Only a war president who knows a God of justice and peace could have had the grace and fortitude to hope and pray this way. Lincoln was no ordinary man. Perhaps there hasn't been as gifted an orator president as him since his death. But Lincoln himself would not have cared much for oratory for the sake of oratory. The Second Inaugural stands out because Lincoln, undoubtedly tempered by the experience of war more than he would have liked, puts God in the thick of it and at the helm of it and makes men, himself included, subservient (again for our very own sake) to Him. 

Lincoln truly believed in Divine Intervention. Political addresses by heads of state are not known for reflecting this reality throughout history, modern history in particular. We go on deciding the fate of individuals, entire peoples and the world having faith in our so called capacity to be rational actors. But God lets that little fancy of ours run its course to its logical conclusion. It is a if we tell the joke not realizing that the joke is actually on us.  

Lincoln looks eastward in his Memorial, seated and knowing that the sun will rise and that the night will pass. There's nothing he can do to contain one or the other, but he knows there's a living God whose judgments are "true and righteous altogether." His are words rooted in the experience of a living faith. Yes, there's much work to be done. There are wounds to bind and heal. A nation to pick up and put back together. 

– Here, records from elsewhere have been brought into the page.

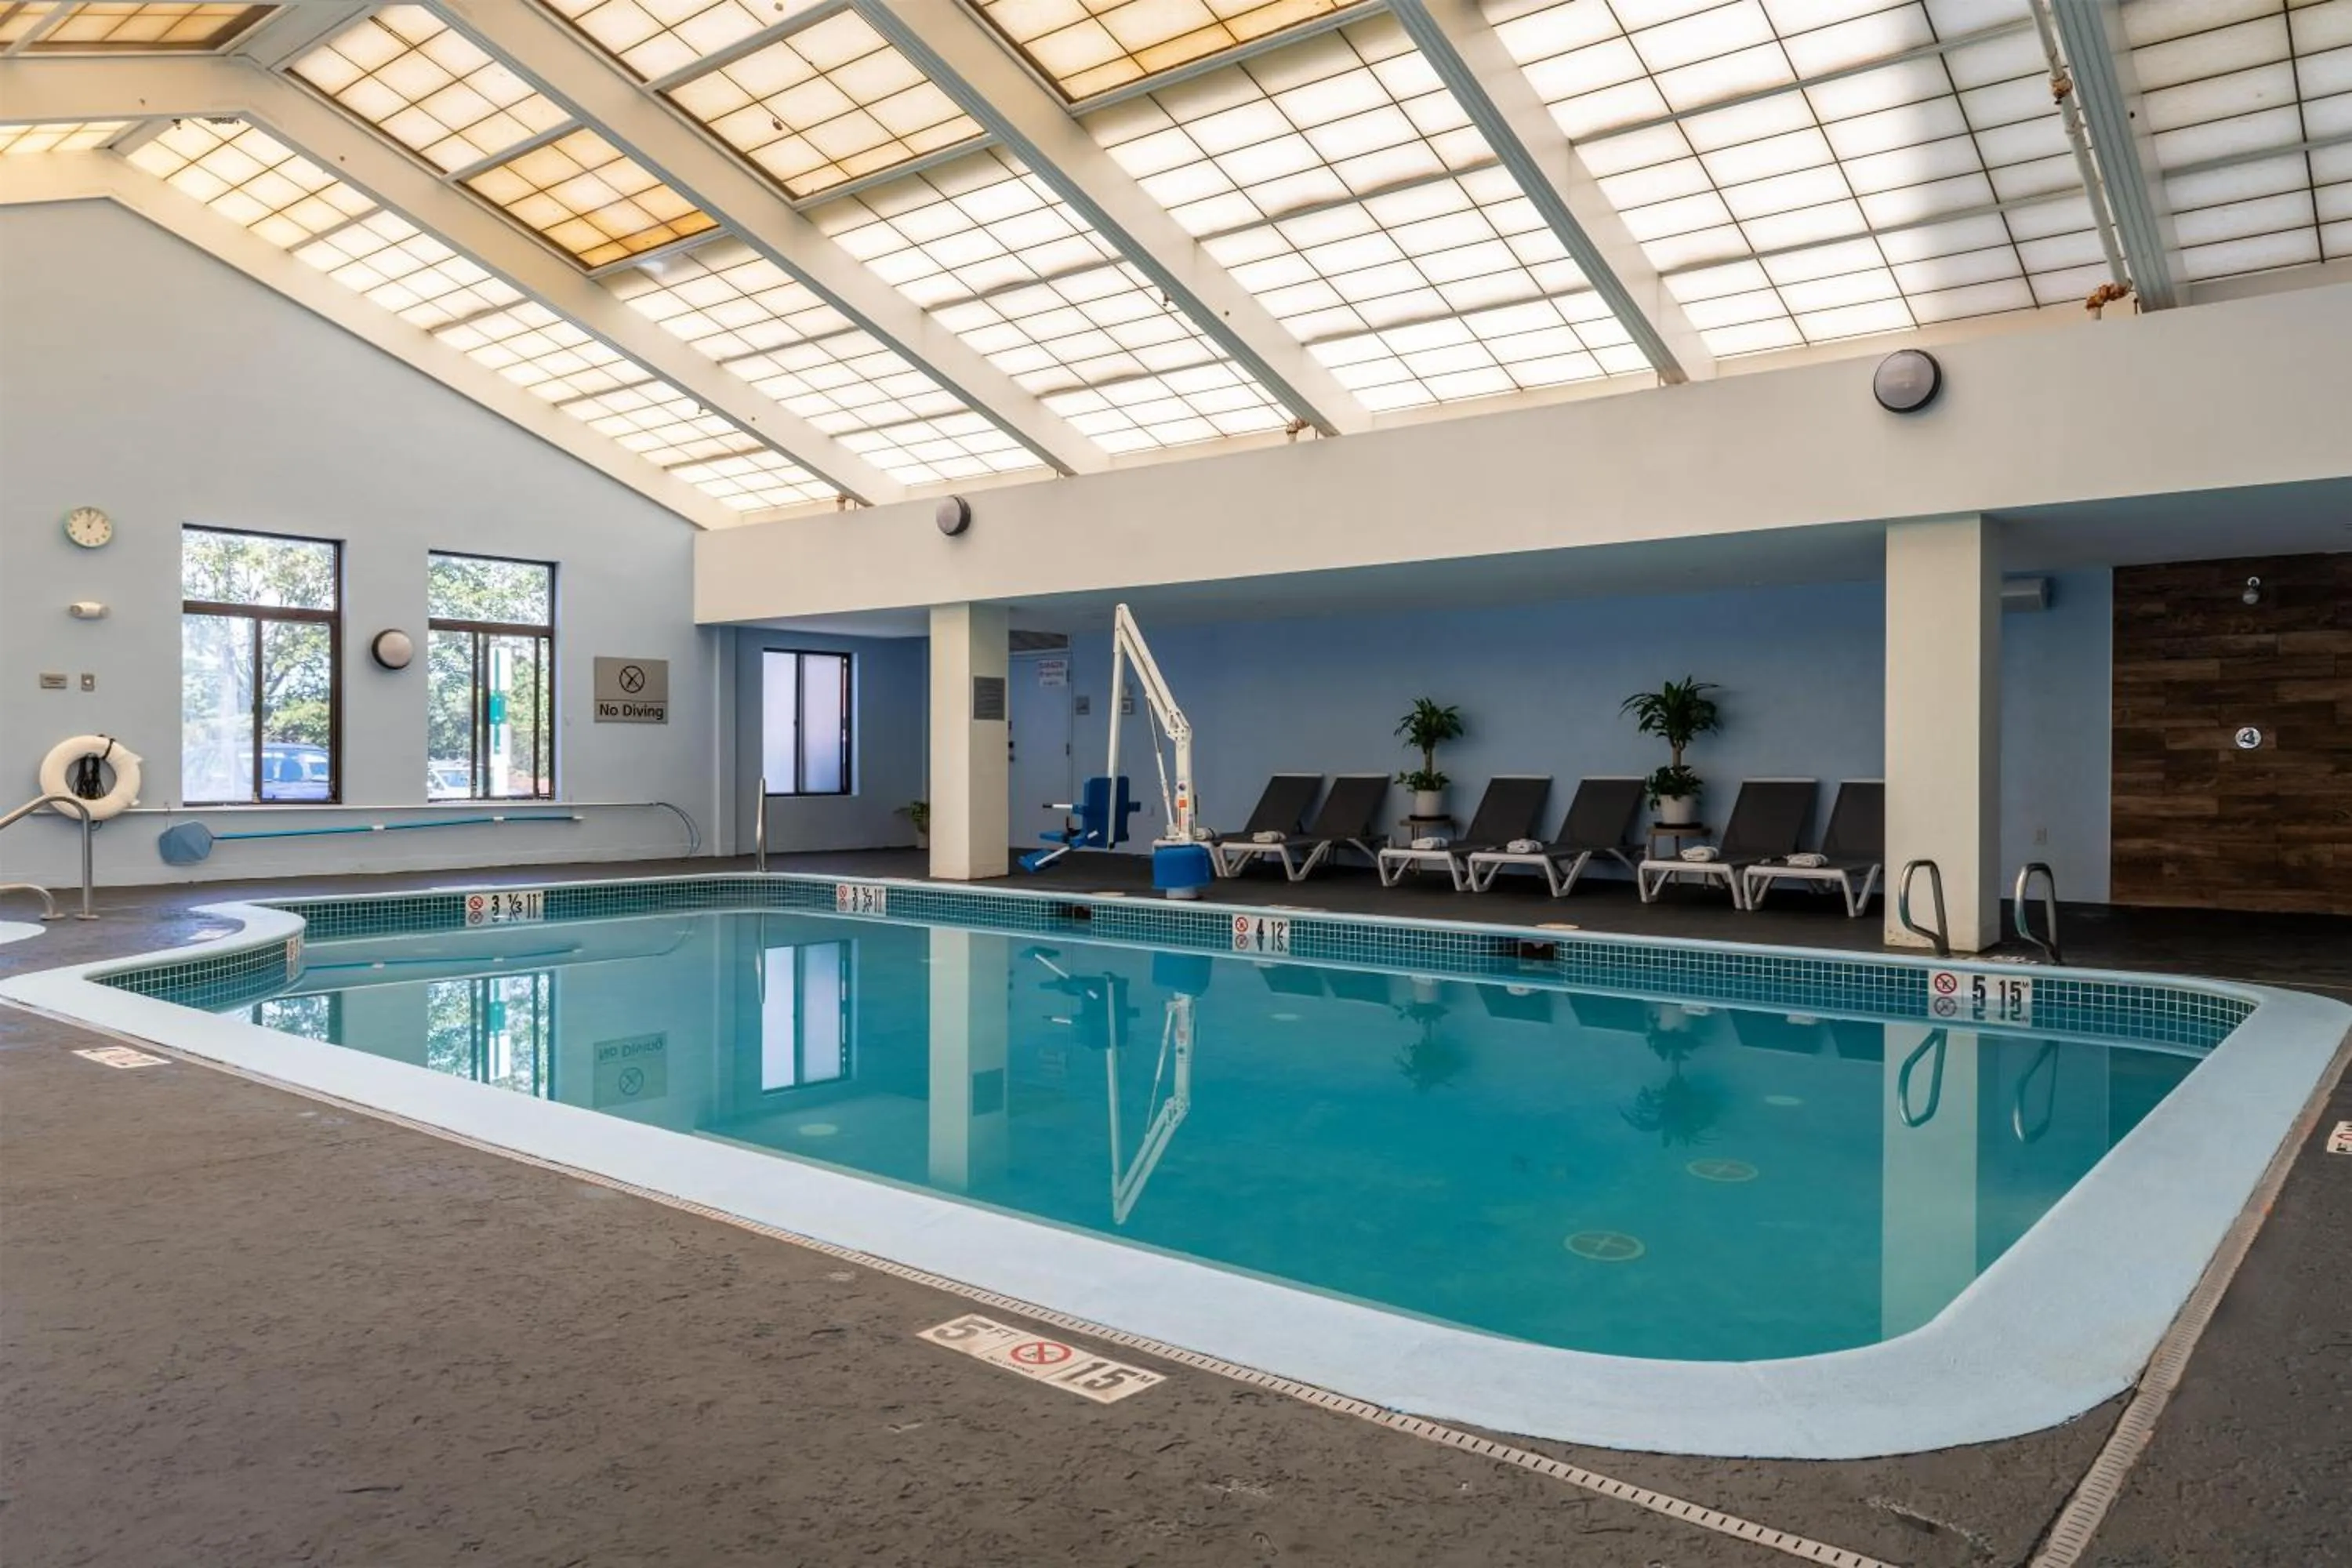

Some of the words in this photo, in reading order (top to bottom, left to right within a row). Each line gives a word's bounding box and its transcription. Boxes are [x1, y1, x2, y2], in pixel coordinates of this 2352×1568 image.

[600, 703, 619, 716] No
[623, 703, 664, 720] Diving
[1973, 975, 1986, 1001] 5
[933, 1316, 993, 1340] 5
[986, 1327, 1018, 1339] FT

...to do all which may achieve and cherish a just and lasting peace among ourselves and with all nations.

When I finished reading the Second Inaugural I regained motion. Did I just finish reading a sermon? Maybe. I might be guilty of going a little over the top here, but all I can say is that I made the sign of the cross as if I had heard the man himself say an "Amen" right when he finished his address. Did he beckon me to join him? I have no other answer but "Yes." Somebody may have seen me. Who cares.

Then I left and sat with my dad on the steps leading up to the Memorial. I was in awe.